#### ABOUT THIS EXERCISE
Give the data again exactly, without images.

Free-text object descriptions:
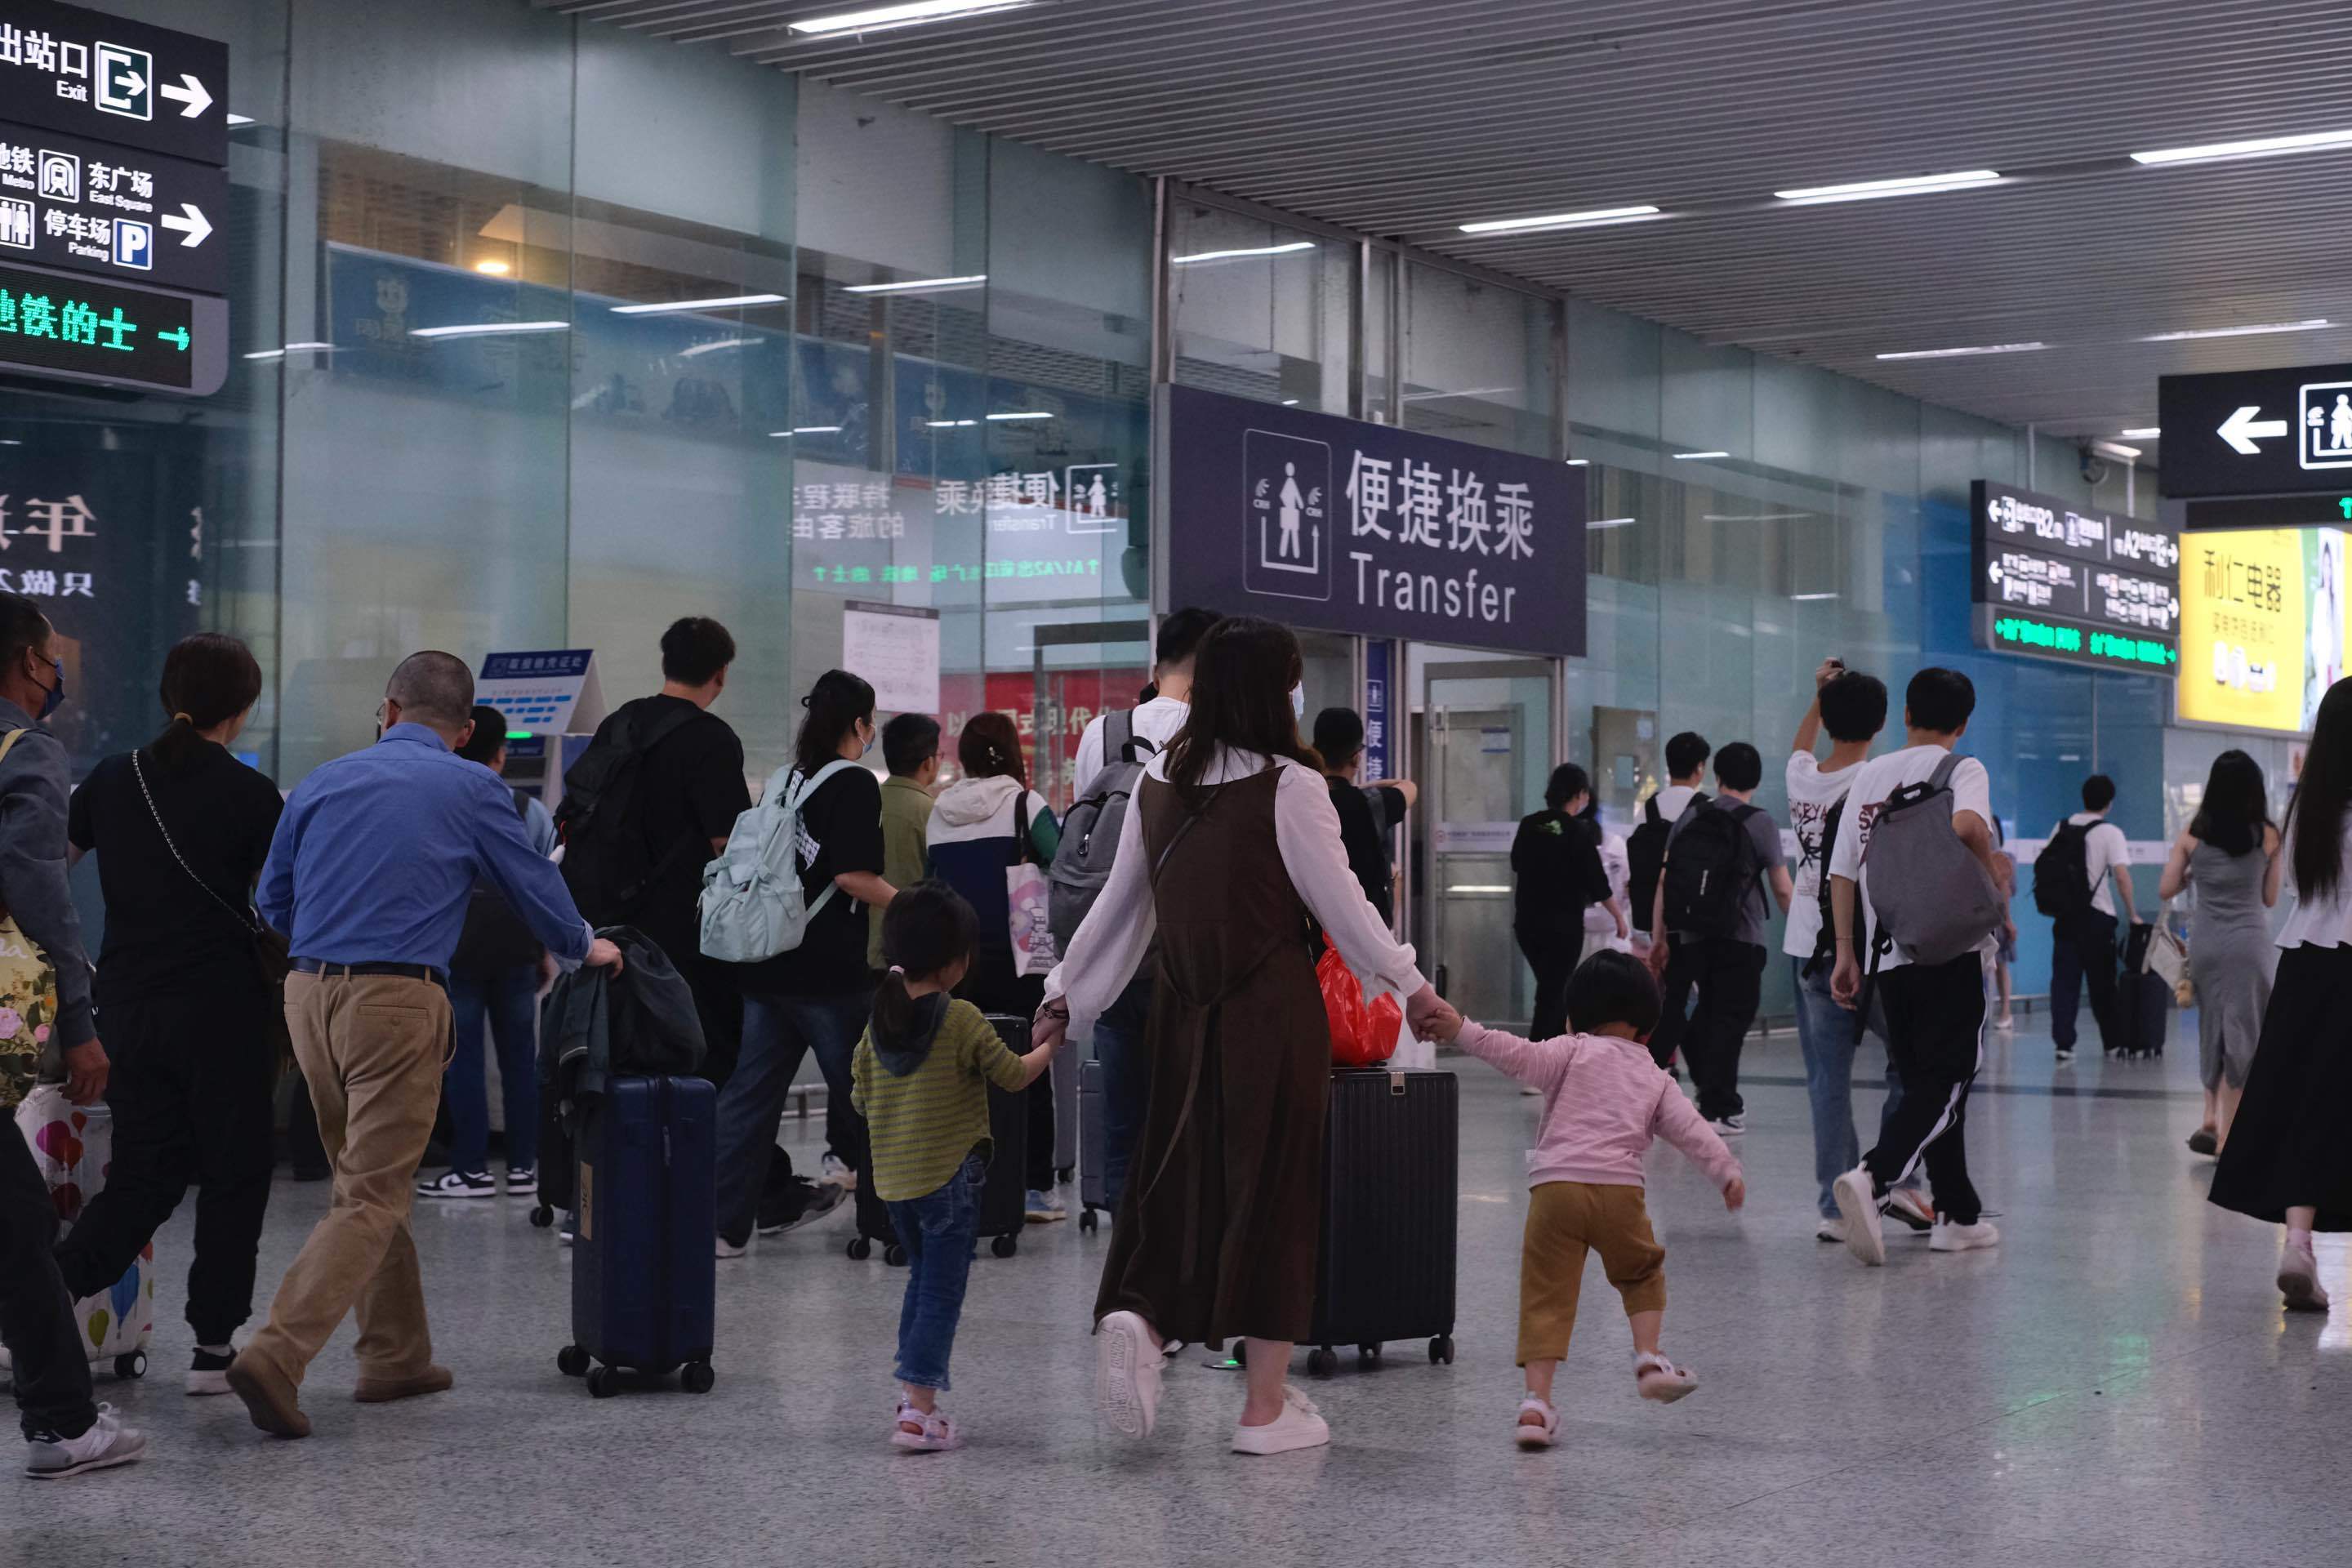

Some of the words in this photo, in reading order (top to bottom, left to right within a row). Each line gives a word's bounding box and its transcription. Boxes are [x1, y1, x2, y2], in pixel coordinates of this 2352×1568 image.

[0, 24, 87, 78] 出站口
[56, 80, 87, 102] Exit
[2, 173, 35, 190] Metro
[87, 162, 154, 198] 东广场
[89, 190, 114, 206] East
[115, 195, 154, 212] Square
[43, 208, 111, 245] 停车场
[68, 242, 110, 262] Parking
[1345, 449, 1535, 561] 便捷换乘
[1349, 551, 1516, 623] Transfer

#### TASK OUTPUT
Some of the words in this photo, in reading order (top to bottom, left to right within a row). Each line gives a word's bounding box and its transcription. Boxes are [x1, y1, x2, y2], in pixel coordinates of this 2352×1568 image.

[0, 24, 87, 78] 出站口
[56, 80, 87, 102] Exit
[2, 173, 35, 190] Metro
[87, 162, 154, 198] 东广场
[89, 190, 114, 206] East
[115, 195, 154, 212] Square
[43, 208, 111, 245] 停车场
[68, 242, 110, 262] Parking
[1345, 449, 1535, 561] 便捷换乘
[1349, 551, 1516, 623] Transfer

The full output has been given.